Horoscope for the week of December 9, 1997

Horoscope ISSUE 32•18 Dec 9, 1997
  • Aries You will be chosen by a zoological video-dating service to sire a highly advanced race of intelligent super-apes.
  • Taurus A small gray neotenic alien appears before you in your home and explains to you at length that it does not, in actuality, exist outside the popular imagination.
  • Gemini You will re-experience the central trauma of your adult life when you discover that you have mysteriously turned back into a virgin.
  • Cancer Fire magic is strong in Cancer this week. If, by some chance, you happen to set yourself ablaze, consider it a good omen.
  • Leo You will be forced to reconsider the wisdom of bringing your religious beliefs to inner-city youths when you realize they do not relate to the teachings of mighty Lord Odin, the Allfather.
  • Virgo You have a secret you must conceal from the public, lest the people turn against you. Should they discover your unholy love for Joe Don Baker, all would be lost.
  • Libra December will be a trying month for you, as all the Earth’s creatures rise up in rebellion against your harsh overlordship.
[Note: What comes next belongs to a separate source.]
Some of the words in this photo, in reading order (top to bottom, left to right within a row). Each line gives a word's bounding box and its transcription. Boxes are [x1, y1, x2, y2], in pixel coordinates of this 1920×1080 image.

  • Scorpio Forces beyond your control steer you toward an attractive Virgo. These forces are called “hormones.”
  • Sagittarius If this is your birth week, you have a one-in-seven chance of enjoying the biographical convenience of dying on your birthday.
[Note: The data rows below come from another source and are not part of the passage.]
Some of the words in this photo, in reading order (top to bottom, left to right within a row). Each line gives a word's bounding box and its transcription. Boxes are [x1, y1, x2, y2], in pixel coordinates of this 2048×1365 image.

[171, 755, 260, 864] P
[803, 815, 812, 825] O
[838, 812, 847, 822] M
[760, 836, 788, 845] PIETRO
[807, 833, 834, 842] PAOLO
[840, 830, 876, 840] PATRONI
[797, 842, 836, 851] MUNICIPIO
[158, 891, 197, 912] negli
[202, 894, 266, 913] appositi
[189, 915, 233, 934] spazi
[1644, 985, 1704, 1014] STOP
  • Capricorn Your failure to score high marks in creativity and independent thought during standardized tests leads to several high-paying job offers from the business world.
  • Aquarius A tall Cancer will soon become a major figure in your life. To be safe, meet all his ransom demands.
  • Pisces Few are surprised when police discover you in a Las Vegas hotel room looting Frank Sinatra’s corpse.